▶ **Problem to solve**
Every entry below should be printed exactly, without its images.

Stored records

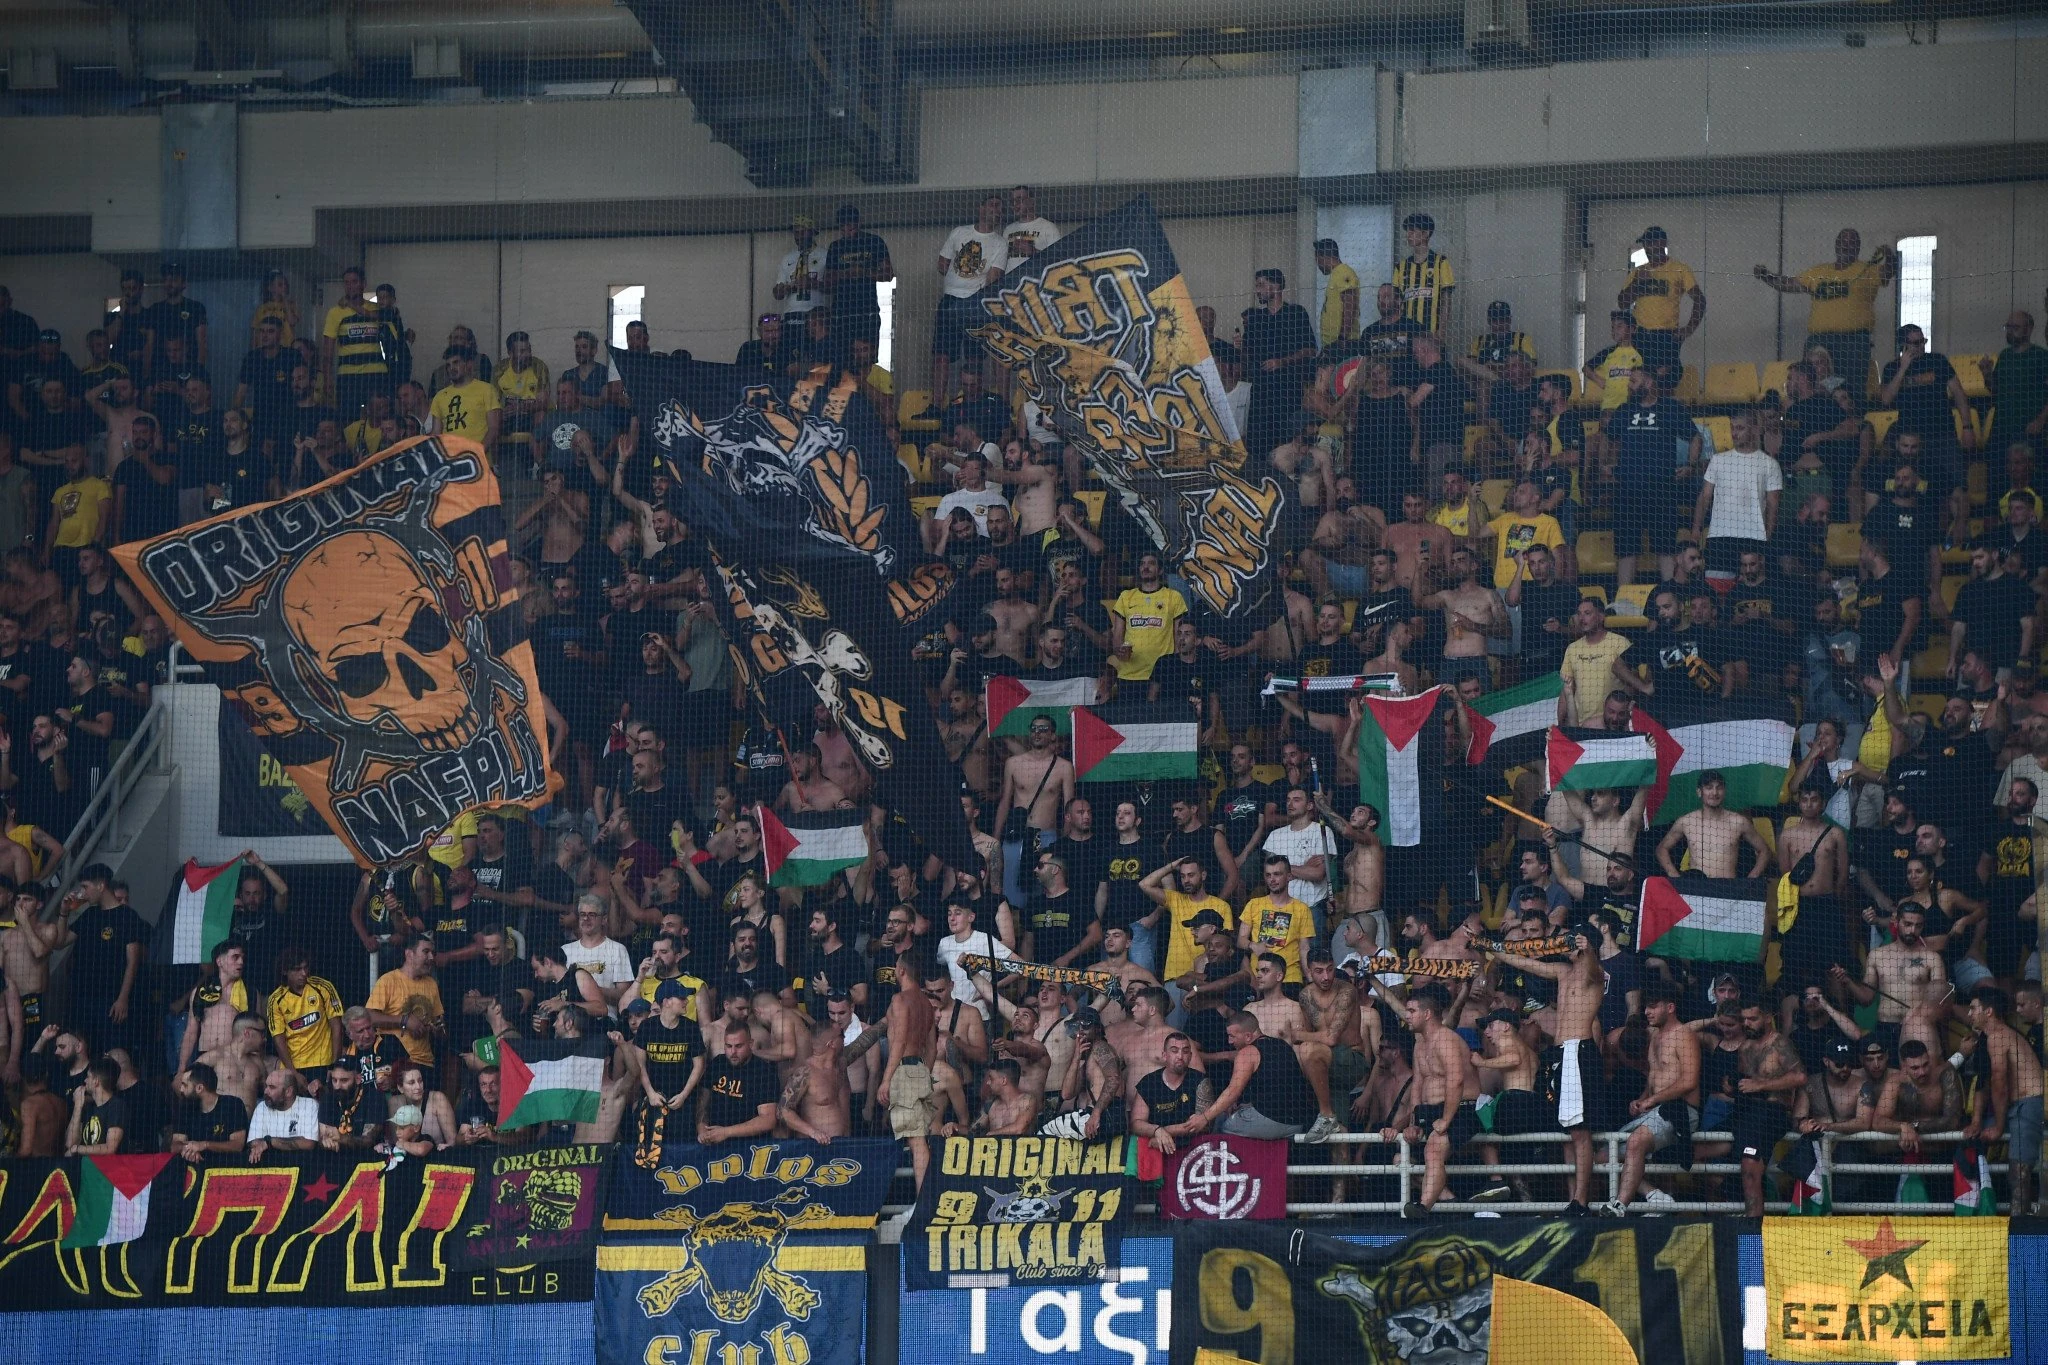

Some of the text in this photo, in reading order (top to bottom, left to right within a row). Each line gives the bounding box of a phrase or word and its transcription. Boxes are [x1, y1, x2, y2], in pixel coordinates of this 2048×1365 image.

[303, 1014, 317, 1026] TIM
[493, 1145, 603, 1176] ORIGINAL
[942, 1135, 1126, 1177] ORIGINAL
[931, 1187, 1122, 1225] 9 11
[925, 1221, 1106, 1272] TRIKALA
[472, 1273, 559, 1296] CLUB
[1016, 1263, 1048, 1280] Club
[1050, 1265, 1082, 1279] since
[1782, 1300, 1995, 1341] ΕΞΑΡΧΕΙΑ

▶ **Response box**
Some of the text in this photo, in reading order (top to bottom, left to right within a row). Each line gives the bounding box of a phrase or word and its transcription. Boxes are [x1, y1, x2, y2], in pixel coordinates of this 2048×1365 image.

[303, 1014, 317, 1026] TIM
[493, 1145, 603, 1176] ORIGINAL
[942, 1135, 1126, 1177] ORIGINAL
[931, 1187, 1122, 1225] 9 11
[925, 1221, 1106, 1272] TRIKALA
[472, 1273, 559, 1296] CLUB
[1016, 1263, 1048, 1280] Club
[1050, 1265, 1082, 1279] since
[1782, 1300, 1995, 1341] ΕΞΑΡΧΕΙΑ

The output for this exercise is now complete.